Warner accused of breaching suspension

As Blatter opens the 61st FIFA congress, suspended CONCACAF president Jack Warner is accused of violating ban.

    Sepp Blatter addresses the FIFA congress in Zurich, saying football's governing body was being threatened by a 'danger' attacking its foundations [GALLO/GETTY]

    As beleaguered football boss Sepp Blatter opened the 61st FIFA congress in Zurich on Tuesday, the scandal affecting world football's governing body showed no signs of dissipating.

    Suspended CONCACAF president Jack Warner urged members of the Caribbean Football Union on Tuesday to vote for incumbent Sepp Blatter in the presidential elections, leading to complaints that he should not be making such statements in light of his suspension.

    Warner was provisionally suspended on Sunday along with former presidential contender Mohammad bin Hammam, pending an ethics committee investigation into allegations of bribery.

    In a letter to members, Warner asked members not to protest against his suspension during Wednesday's FIFA congress in Zurich.

    "At our last meeting we agreed as a Union to support the incumbent Joseph Sepp Blatter in his quest to regain the Presidency," Warner said.

    "I wish to assure you nothing has changed - our mandate was set then and despite it all we must fulfil it."

    About turn

    Warner's position is a surprising one given that he had called for FIFA members to "stop Blatter" as recently as Sunday.

    Warner and Bin Hammam were suspended by FIFA's ethics committee pending a full probe into allegations that Caribbean football leaders were paid $40,000 each to back bin Hammam's presidential bid.

    Warner's letter also raised questions about whether, in writing the letter and giving advice to members, the Trinidadian had breached the suspension which bars him from 'football activities' at FIFA, both at international and national level.

    Chuck Blazer, the CONCACAF general secretary, told news agency Reuters he had already reported Warner for other, unspecified, breaches by Warner of his suspension.

    "That's a violation of his suspension from all football activities," Blazer said of the letter.

    He later told reporters in Zurich that "we have clear evidence of a violation of his suspension and we have reported that to the FIFA secretary general Jerome Valcke."

    What crisis?

    Blatter meanwhile downplayed the chaos in FIFA's ranks having questioned the suggestion of a 'crisis' at a tense news conference on Monday.

    But in remarks to delegates at the glitzy opening ceremony at the FIFA congress on Tuesday, Blatter warned the organisation was being threatened by a "danger" attacking its foundations.

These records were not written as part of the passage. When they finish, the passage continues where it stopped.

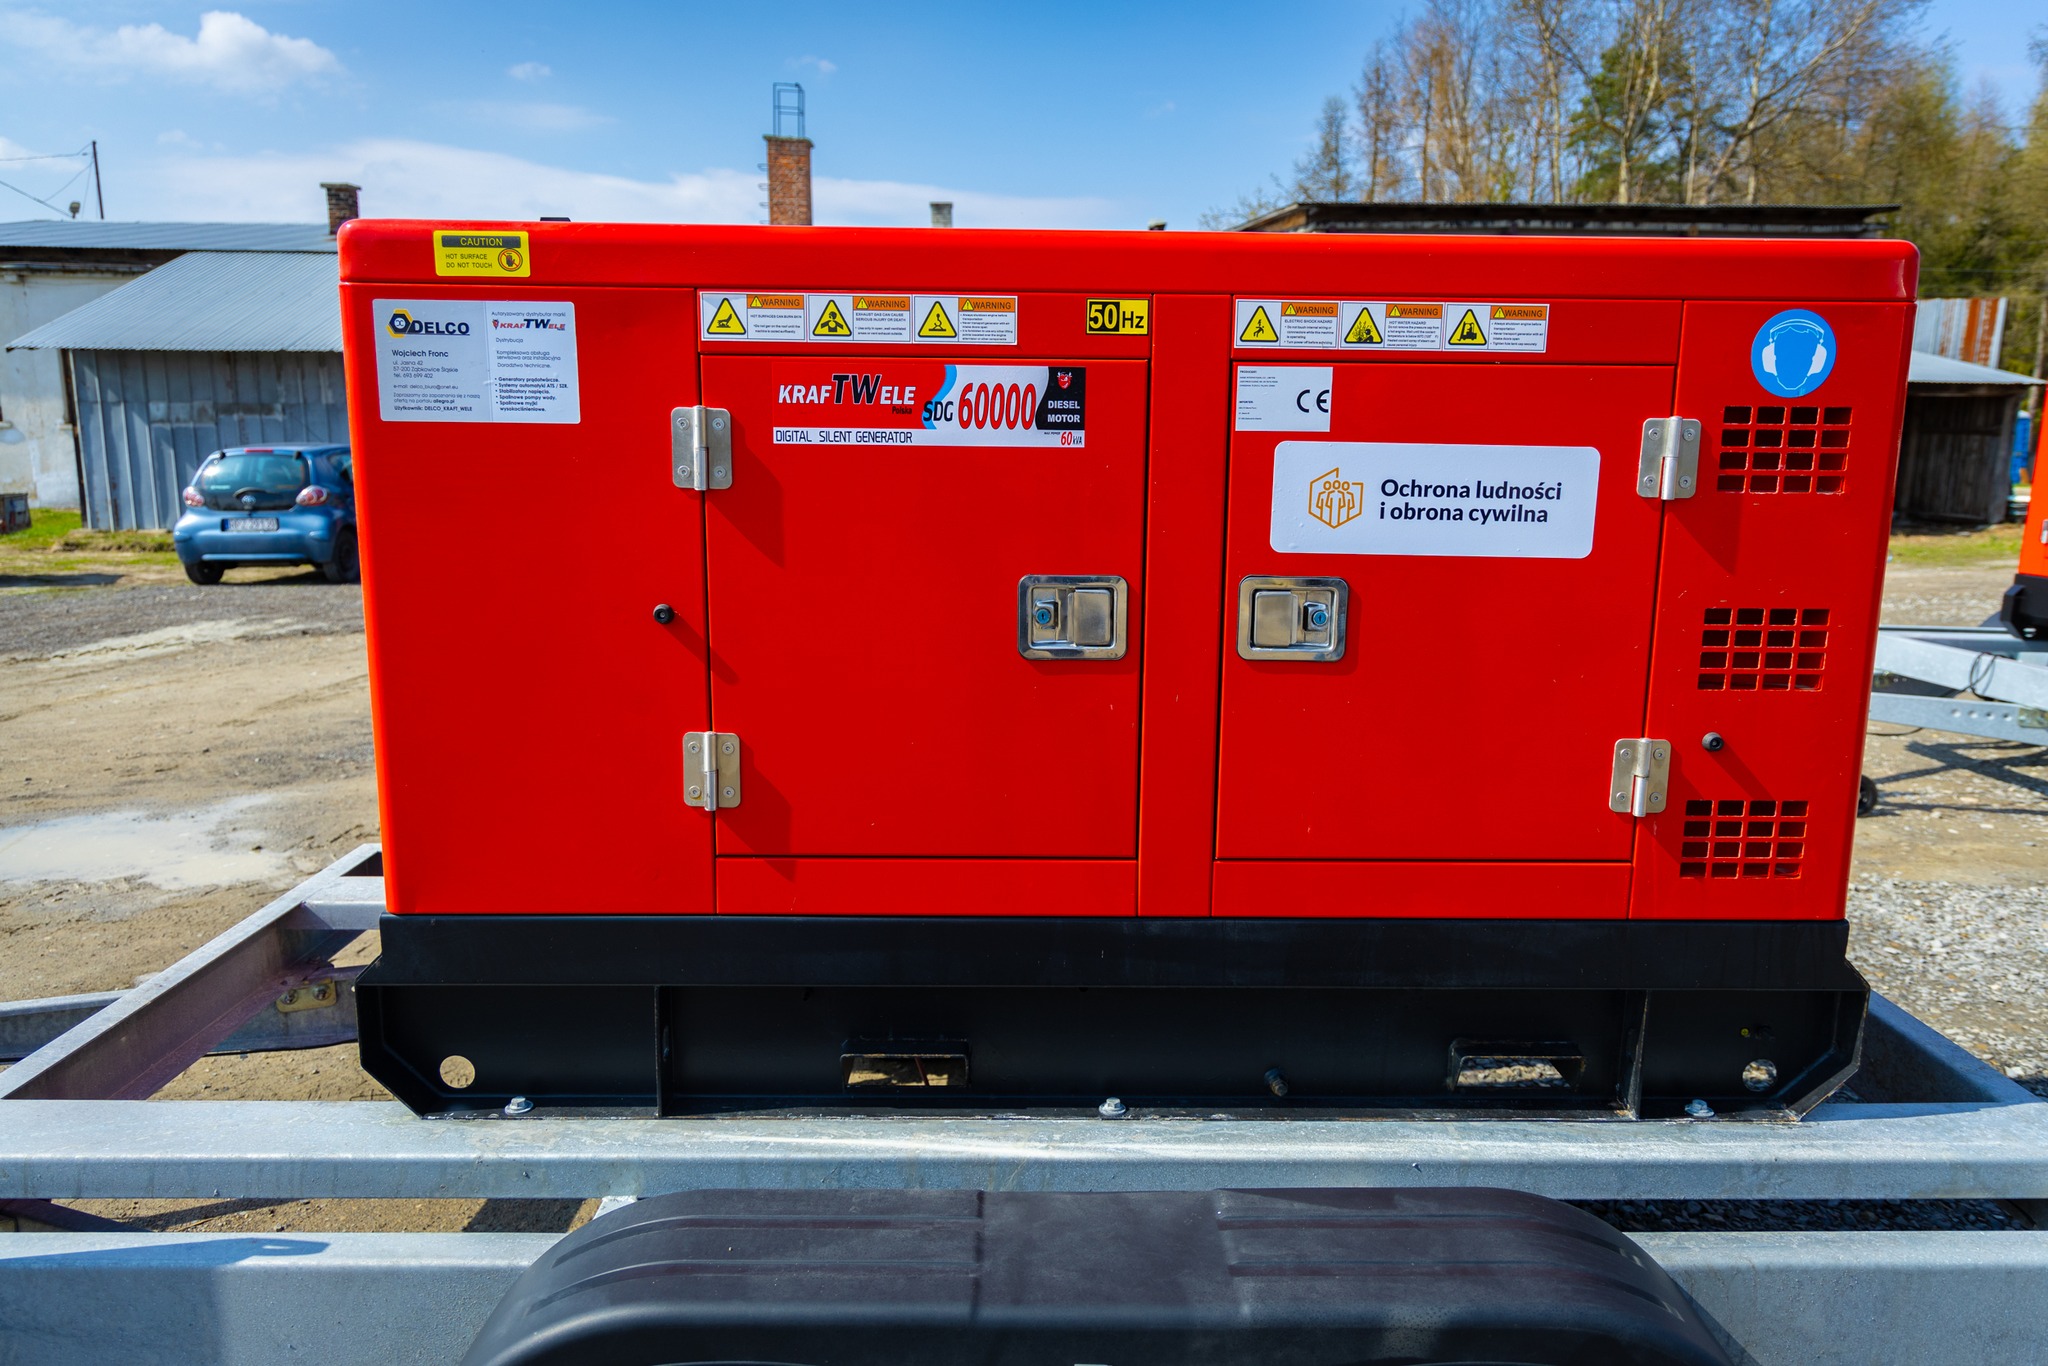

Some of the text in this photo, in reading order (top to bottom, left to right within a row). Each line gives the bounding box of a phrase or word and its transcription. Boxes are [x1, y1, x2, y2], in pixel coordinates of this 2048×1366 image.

[460, 237, 503, 247] CAUTION
[761, 298, 800, 307] WARNING
[867, 300, 906, 309] WARNING
[972, 301, 1011, 310] WARNING
[1295, 306, 1334, 314] WARNING
[1400, 307, 1439, 316] WARNING
[1504, 309, 1543, 318] WARNING
[413, 320, 470, 334] DELCO
[391, 349, 449, 358] Wojciech Fronc
[441, 366, 458, 374] Śląskie
[778, 373, 917, 406] KRAFTWELE
[922, 382, 1037, 430] SDG 60000
[1047, 400, 1081, 410] DIESEL
[1297, 389, 1330, 413] CE
[891, 405, 913, 415] Polska
[1047, 414, 1081, 423] MOTOR
[775, 429, 913, 444] DIGITAL SILENT GENERATOR
[1380, 478, 1562, 501] Ochrona ludności
[1379, 501, 1548, 526] i obrona cywilna

    "I thought that we were living in a world of fair play, respect and discipline ... I must unfortunately say this is not the case."

    Sepp Blatter

    "I thought that we were living in a world of fair play, respect and discipline," Blatter said.

    "I must unfortunately say this is not the case.

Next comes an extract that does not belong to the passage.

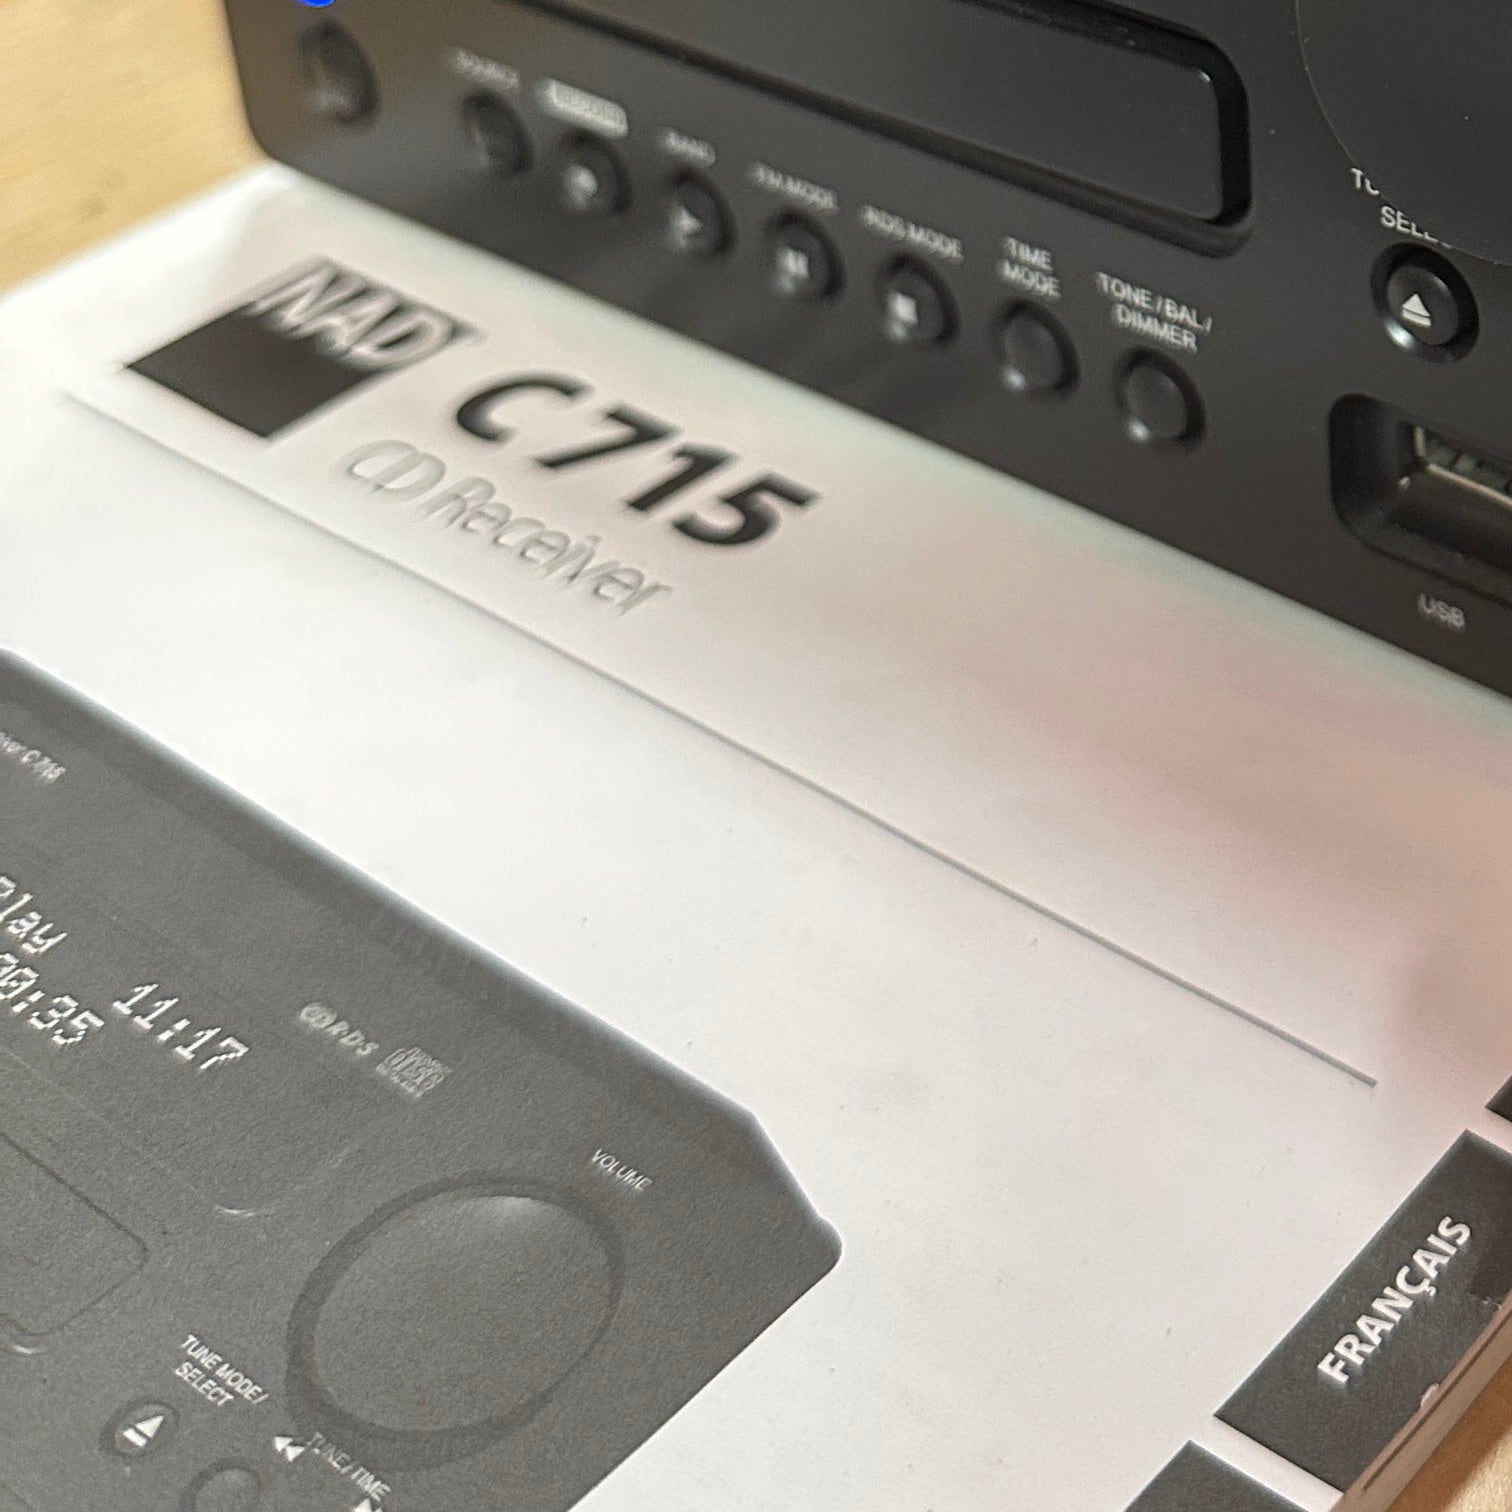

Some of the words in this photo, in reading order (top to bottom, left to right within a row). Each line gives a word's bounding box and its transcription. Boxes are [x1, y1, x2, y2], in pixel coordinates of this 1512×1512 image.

    "Because our pyramid, our famous FIFA pyramid, is unsure of its base and there is a danger.

    "So tomorrow (Wednesday) at the congress, I will speak of this danger that is there lurking and how we can react against this threat of danger so that our sport can play its role in bringing people together."

    Increasing tension

    Only a day before the FIFA election takes place, at which Sepp Blatter is standing unopposed, there have been calls for the presidential election to be postponed with leading global sponsors expressing concern that the image of the game was being damaged.

    The English Football Association called for more time to allow "any alternative reforming candidate'' to come forward to challenge Blatter, who has been president for 13 years and is seeking a final fourth-year term.

    Emirates, the Dubai-based airline, and Visa became the latest FIFA sponsors to express concern about the scandal, joining fellow World Cup sponsors Coca-Cola and Adidas.

    "The current situation is clearly not good for the game and we ask that FIFA take all necessary steps to resolve the concerns that have been raised,'' Visa said in a statement.

    Blatter's election itself however appears in no danger. A threatened walkout of Asian members seemed unlikely to develop, as some supporters of Asian Football Confederation President bin Hammam said they won't walk out in protest.

    European footballing body UEFA is expected to largely back Blatter in Wednesday's election.

    Any postponement of Wednesday's election would need the backing of three-quarters of the 208 federations attending the Congress, which was scheduled to be opened by Blatter late Tuesday.